A valorização externa favorece as negociações da soja no estado do Rio Grande do Sul, segundo informações da TF Agroeconômica. “Preços reportados para pagamento em 08/08 (entrega julho até 07/08) ficaram em R$ 143,00 porto. Compradores estão olhando com mais força para meses mais à frente. No interior os preços de fábricas seguiram o balizamento de cada praça. R$ 134,00 Cruz Alta – Pgto. 29/08. R$ 133,00 Passo Fundo – Pgto. fim de agosto. R$ 133,00 Ijuí– Pgto. 29/08 – para fábrica. R$ 134,00 Santa Rosa / São Luiz – Pgto. 11/09. Preços de pedra em Panambi mantiveram-se em R$ 122,00 a saca ao produtor”, comenta.

Demanda externa impulsiona perspectivas para produtores catarinenses. “O cenário nacional de preços firmes e a demanda externa aquecida, impulsionada pela menor oferta norte-americana e pelo forte procura chinesa por grãos sul-americanos, criam um ambiente positivo para futuras negociações no estado. No porto de São Francisco, a saca de soja é cotada a R$ 138,83”, completa a consultoria.

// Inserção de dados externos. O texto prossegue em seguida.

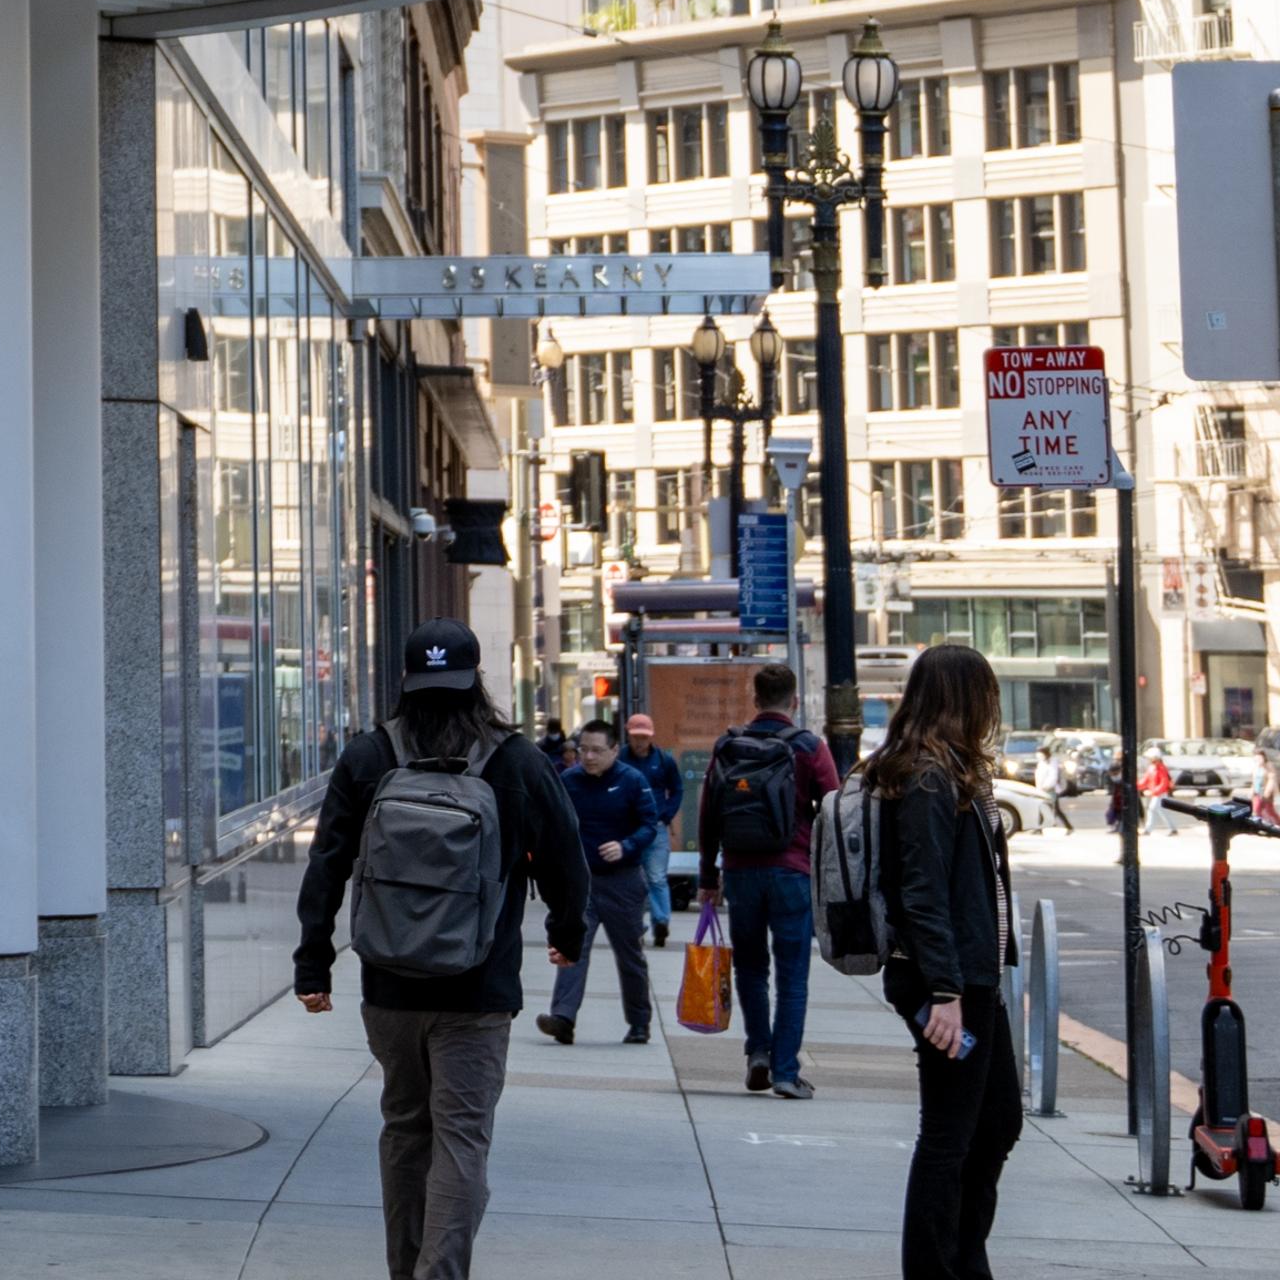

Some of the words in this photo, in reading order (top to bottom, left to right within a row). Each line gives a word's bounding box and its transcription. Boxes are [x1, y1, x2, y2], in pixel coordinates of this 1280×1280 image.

[503, 262, 675, 290] KEARNY
[1001, 351, 1087, 369] TOW-AWAY
[988, 370, 1022, 397] NO
[1026, 376, 1102, 396] STOPPING
[1022, 409, 1073, 430] ANY
[1018, 435, 1079, 456] TIME
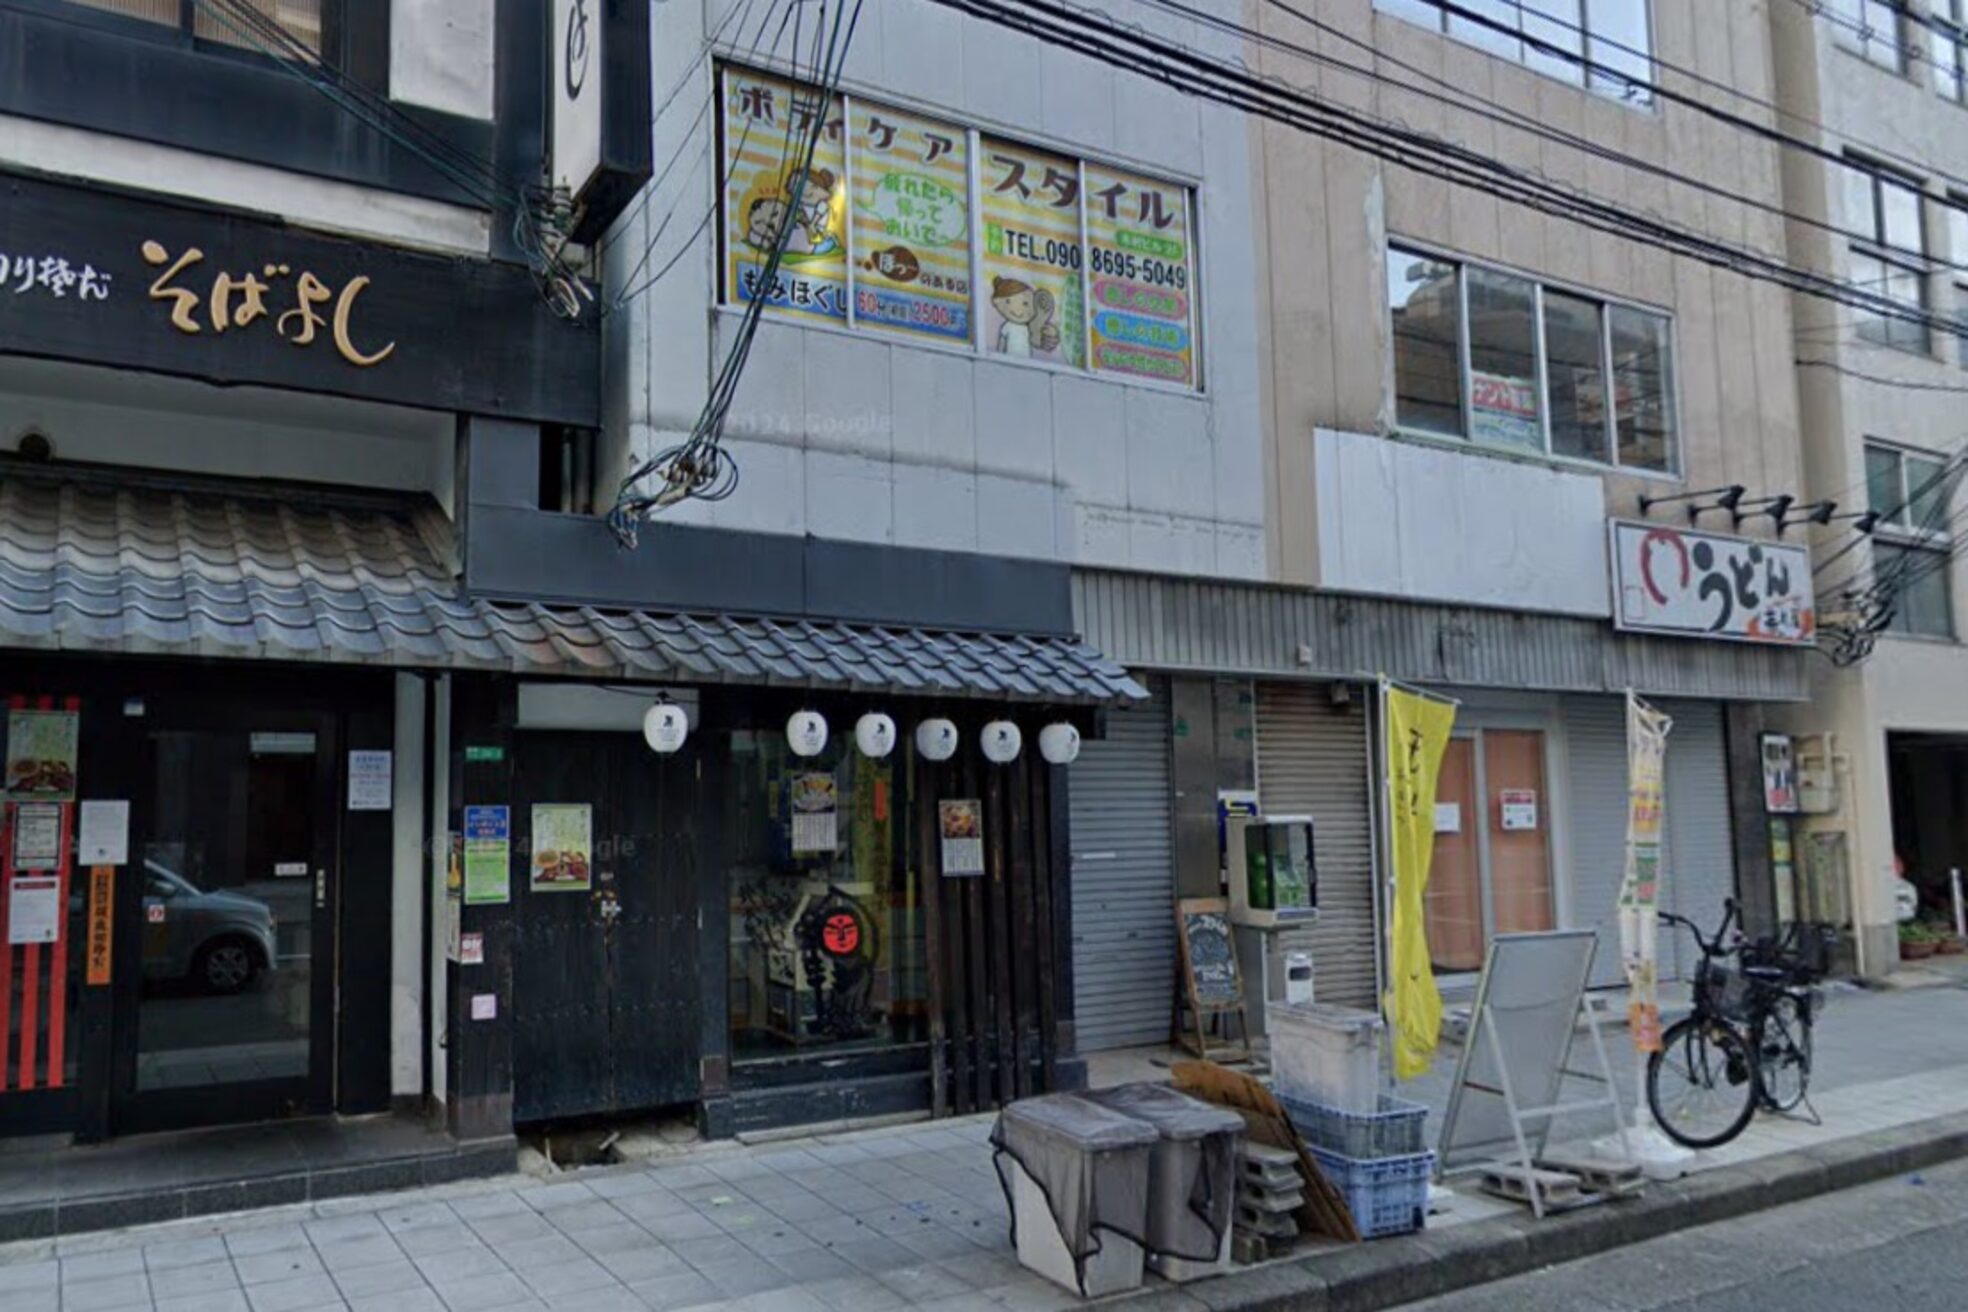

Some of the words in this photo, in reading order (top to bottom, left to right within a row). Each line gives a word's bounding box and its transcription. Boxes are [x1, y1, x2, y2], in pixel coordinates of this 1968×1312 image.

[992, 154, 1175, 229] スタイル
[141, 239, 396, 367] そばよし
[1692, 540, 1790, 632] うどん
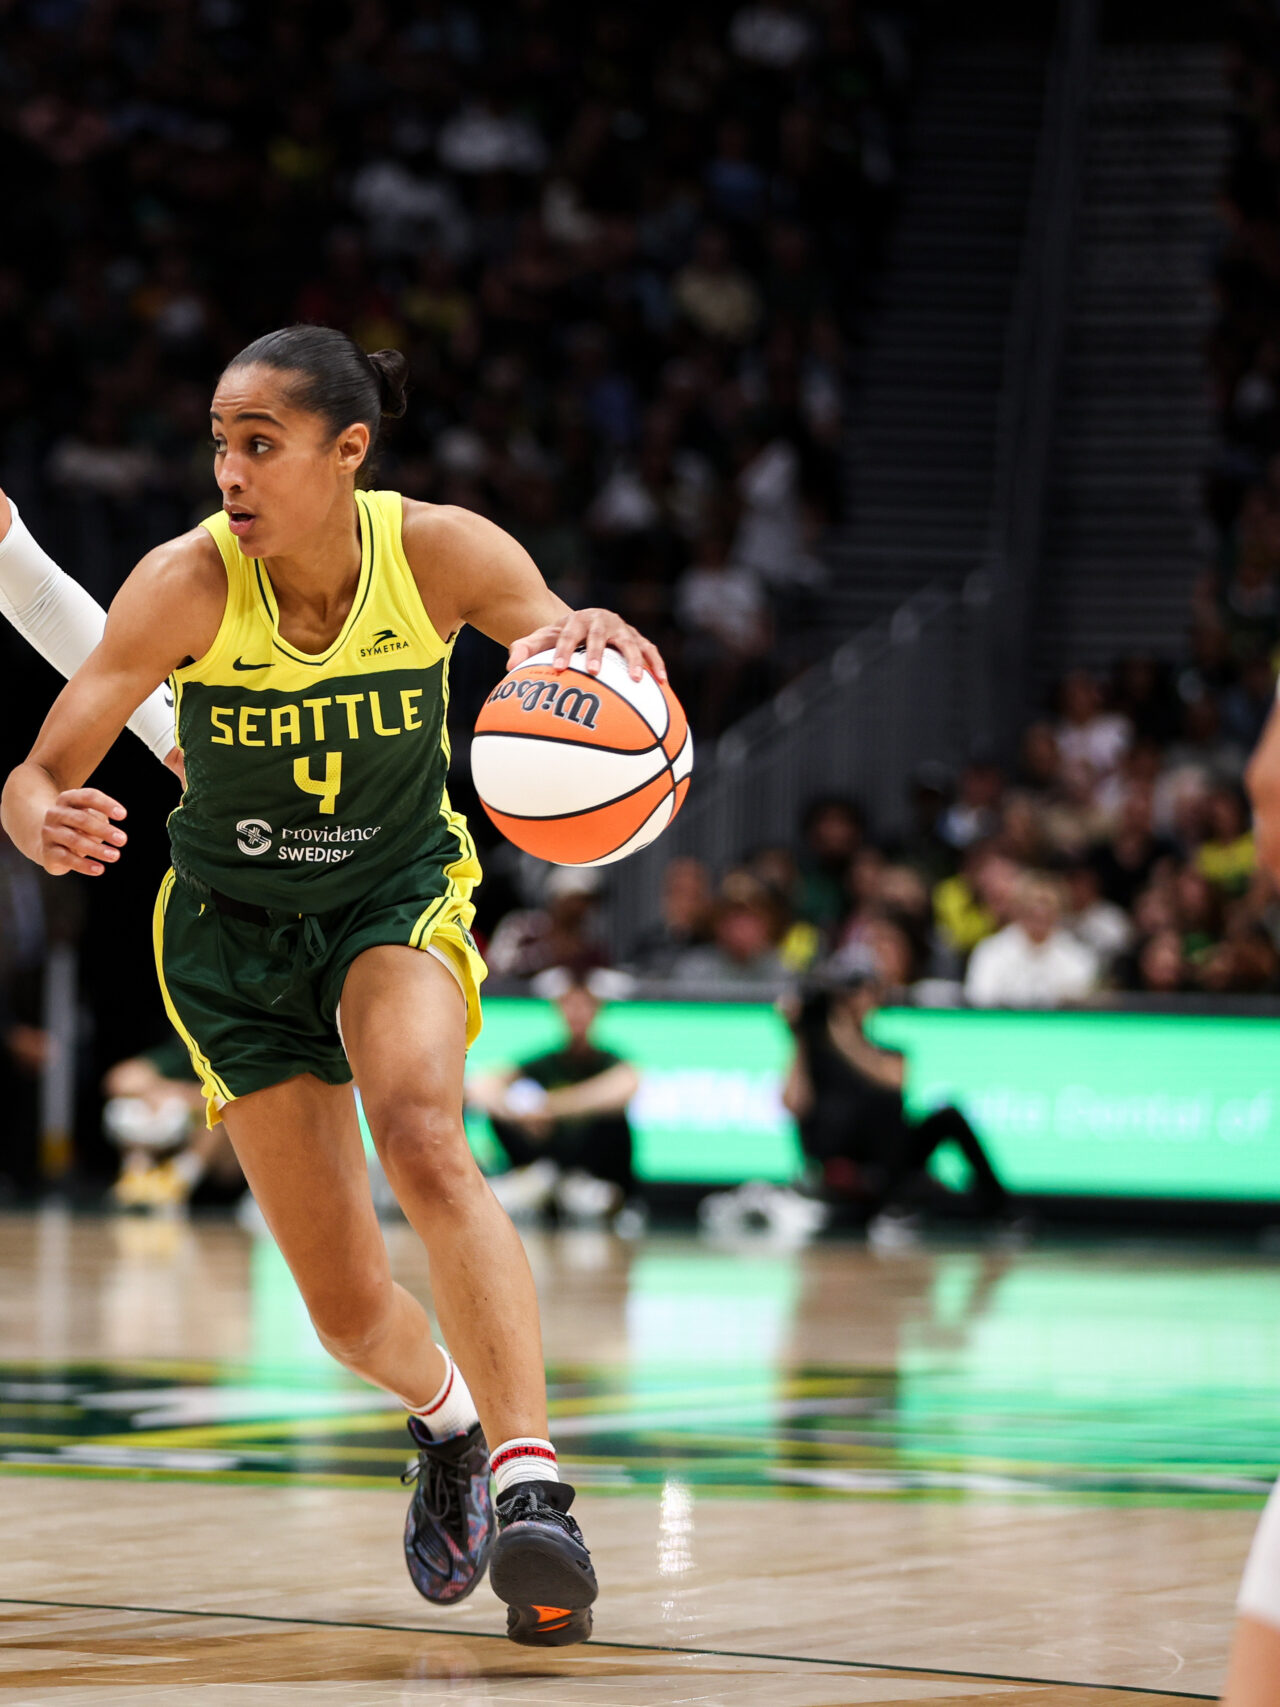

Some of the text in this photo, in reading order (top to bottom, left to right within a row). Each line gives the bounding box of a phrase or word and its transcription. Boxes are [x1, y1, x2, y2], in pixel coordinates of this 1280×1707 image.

No Paraná, mantém-se uma estabilidade nos preços da soja com demanda aquecida. “Em Paranaguá, o preço chegou R$ 141,78 (-0,85%). Em Cascavel, o preço foi 127,94 (+0,45%). Em Maringá, o preço foi de R$ 128,83 (+0,23%). Em Ponta Grossa o preço foi a R$ 129,85 (+0,64%) por saca FOB, Pato Branco o preço foi R$ 139,30 (+0,15%). No balcão, os preços em Ponta Grossa ficaram em R$ 118,00”, indica.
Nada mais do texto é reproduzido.